▶ **Problem description**
The data below is to be transcribed word for word; pictures are to be excluded.

----- Dataset records -----

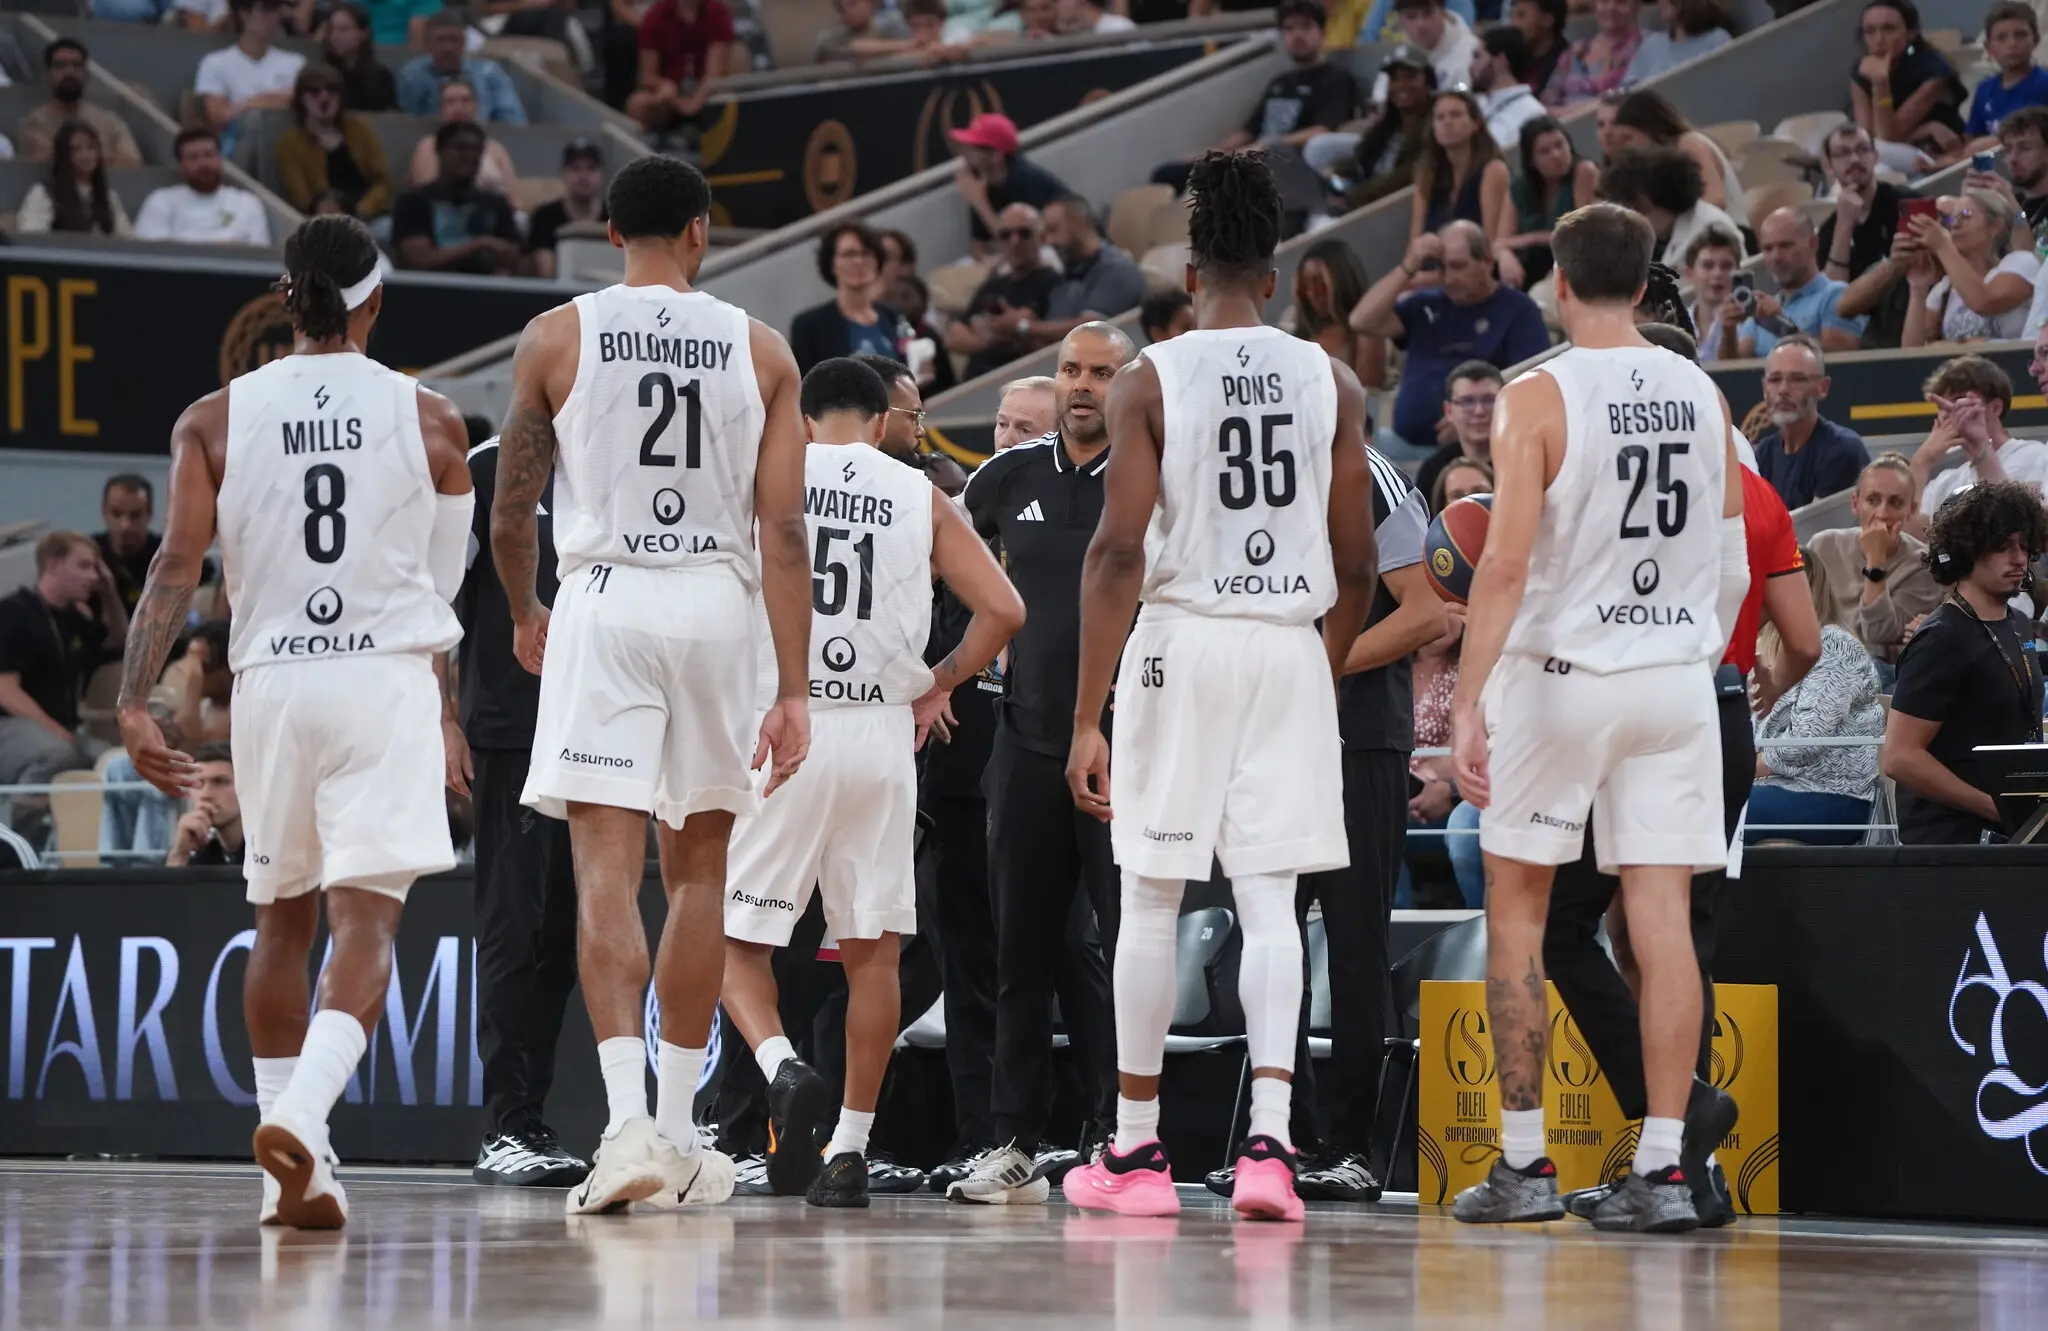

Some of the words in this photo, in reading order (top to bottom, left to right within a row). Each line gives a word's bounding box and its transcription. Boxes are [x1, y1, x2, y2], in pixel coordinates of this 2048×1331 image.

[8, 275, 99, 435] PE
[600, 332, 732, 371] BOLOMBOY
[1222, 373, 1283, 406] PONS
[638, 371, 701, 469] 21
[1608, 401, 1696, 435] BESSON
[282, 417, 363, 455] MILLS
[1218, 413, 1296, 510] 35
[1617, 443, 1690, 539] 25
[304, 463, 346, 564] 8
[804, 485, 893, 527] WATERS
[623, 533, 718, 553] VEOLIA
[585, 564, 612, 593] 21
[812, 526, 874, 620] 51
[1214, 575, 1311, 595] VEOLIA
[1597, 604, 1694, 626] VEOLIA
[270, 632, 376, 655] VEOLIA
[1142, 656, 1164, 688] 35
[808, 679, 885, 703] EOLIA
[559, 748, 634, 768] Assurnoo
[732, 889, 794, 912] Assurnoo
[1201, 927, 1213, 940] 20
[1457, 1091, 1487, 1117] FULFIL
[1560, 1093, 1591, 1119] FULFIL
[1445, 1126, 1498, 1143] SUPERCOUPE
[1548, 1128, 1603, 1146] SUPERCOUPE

-----

▶ **Your response**
Some of the words in this photo, in reading order (top to bottom, left to right within a row). Each line gives a word's bounding box and its transcription. Boxes are [x1, y1, x2, y2], in pixel coordinates of this 2048×1331 image.

[8, 275, 99, 435] PE
[600, 332, 732, 371] BOLOMBOY
[1222, 373, 1283, 406] PONS
[638, 371, 701, 469] 21
[1608, 401, 1696, 435] BESSON
[282, 417, 363, 455] MILLS
[1218, 413, 1296, 510] 35
[1617, 443, 1690, 539] 25
[304, 463, 346, 564] 8
[804, 485, 893, 527] WATERS
[623, 533, 718, 553] VEOLIA
[585, 564, 612, 593] 21
[812, 526, 874, 620] 51
[1214, 575, 1311, 595] VEOLIA
[1597, 604, 1694, 626] VEOLIA
[270, 632, 376, 655] VEOLIA
[1142, 656, 1164, 688] 35
[808, 679, 885, 703] EOLIA
[559, 748, 634, 768] Assurnoo
[732, 889, 794, 912] Assurnoo
[1201, 927, 1213, 940] 20
[1457, 1091, 1487, 1117] FULFIL
[1560, 1093, 1591, 1119] FULFIL
[1445, 1126, 1498, 1143] SUPERCOUPE
[1548, 1128, 1603, 1146] SUPERCOUPE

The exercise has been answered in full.